Use its:locNote, its:locNoteType and its:locNoteRef (or their equivalents in your schema) to provide notes to the localizer.

This is especially important for content with inserted text where the translator will need context to translate more accurately.

In this document two ITS local attributes are used to annotate an XSLT template:

Note: When working with XSLT, you need to decide whether the ITS markup should be in the output or not, and may have to use different markup accordingly. In this example, the ITS attributes do not appear in the output.

<?xml version="1.0"?>
<xsl:stylesheet version="1.0"
     xmlns="http://www.w3.org/1999/xhtml"
     xmlns:xsl="http://www.w3.org/1999/XSL/Transform"
     xmlns:its="http://www.w3.org/2005/11/its"
     its:version="1.0">
 <xsl:template match="/data">
  <xsl:variable name="Lang" select="Lang"/>
  <xsl:variable name="EMail" select="EMail"/>
  <html xmlns="http://www.w3.org/1999/xhtml" xml:lang="{$Lang}" lang="{$Lang}">
   <head>
    <meta http-equiv="Content-Type" content="text/html; charset=utf-8"/>
    <title>Login</title>
   </head>
   <body>
    <p>Login Into Queztal-Systems</p>
    <form method="POST">
     <table border="0" id="table2">
      <tr><td>First, place your pass card in front of the reader to scan your
       <xsl:text its:locNoteRef="http://en.wikipedia.org/wiki/RFID">RFID</xsl:text>.
       When the light turns green, enter your password in the box below, and
       click Submit.</td></tr>
      <tr><td><input type="password" name="pword" size="25"/></td></tr>
     </table>
     <p><input type="submit" value="Submit" name="go"/></p>
    </form>
    <p>If you have difficulties login in, please call
     <xsl:value-of select="PNum" its:locNote="Toll-free phone number"/>,
     or send an email to
     <a href="mailto:{$EMail}"><xsl:value-of select="EMail"/></a>.</p>
   </body>
  </html>
 </xsl:template>
</xsl:stylesheet>

[Example's source code]

Why do this

There are many reasons to provide information to localizers.
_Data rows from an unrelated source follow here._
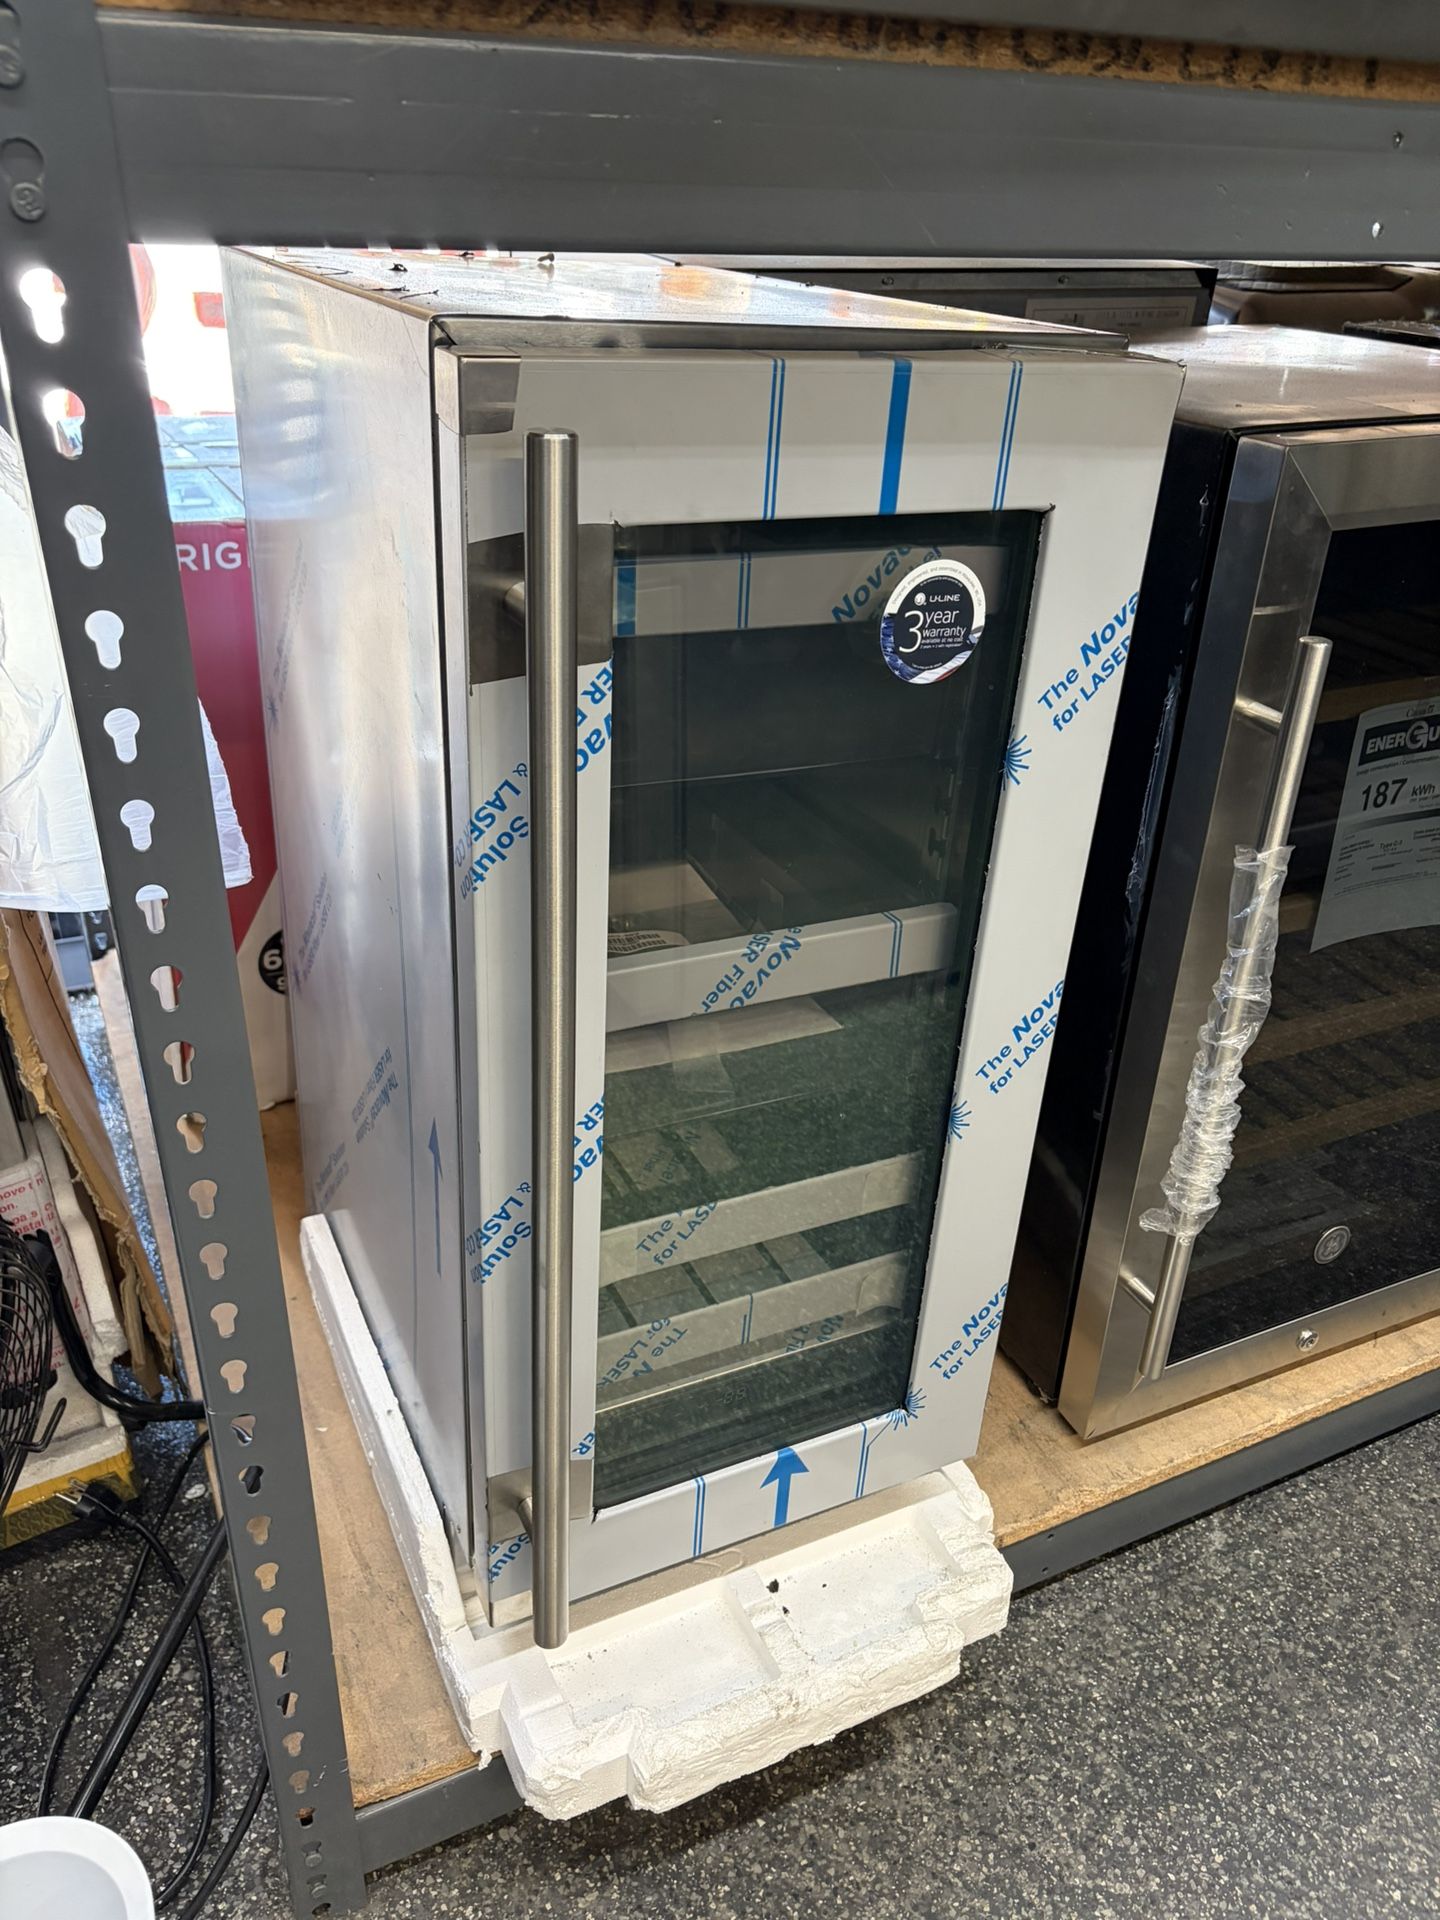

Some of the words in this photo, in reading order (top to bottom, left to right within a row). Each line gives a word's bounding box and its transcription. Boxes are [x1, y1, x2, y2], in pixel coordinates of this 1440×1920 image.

[176, 541, 250, 571] RIG
[929, 594, 961, 603] U-LINE
[899, 610, 924, 653] 3
[922, 625, 967, 638] warranty
[925, 610, 960, 628] year
[1038, 668, 1080, 710] The
[1053, 699, 1080, 732] for
[1362, 778, 1408, 811] 187
[1411, 784, 1436, 797] kWh
[976, 1045, 1012, 1079] The
[989, 1067, 1013, 1094] for
[636, 1219, 674, 1253] The
[653, 1240, 680, 1265] for
[652, 1328, 688, 1358] The
[929, 1340, 962, 1369] The
[943, 1357, 964, 1380] for
You may want to:

Using XML comments for doing this may not be enough as they may get stripped out or ignored during the localization process.
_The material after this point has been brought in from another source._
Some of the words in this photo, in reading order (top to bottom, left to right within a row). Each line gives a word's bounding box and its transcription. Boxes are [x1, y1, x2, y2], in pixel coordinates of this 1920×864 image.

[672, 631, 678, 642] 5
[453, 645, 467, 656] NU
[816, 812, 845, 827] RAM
Make sure that any piece of inserted text is grammatically independent of its surrounding context.

Inserted text refers to any text that is marked by a placeholder in the source XML document and automatically inserted within text content when the document is processed.

Types of inserted text include:

The implementation of such text can be done in different ways in XML. Some examples are:

How to do this

Use inserted text only when the text is self-contained and does not affect its surrounding context. For example, titles and quotations are inserted text that, usually, would not cause problems.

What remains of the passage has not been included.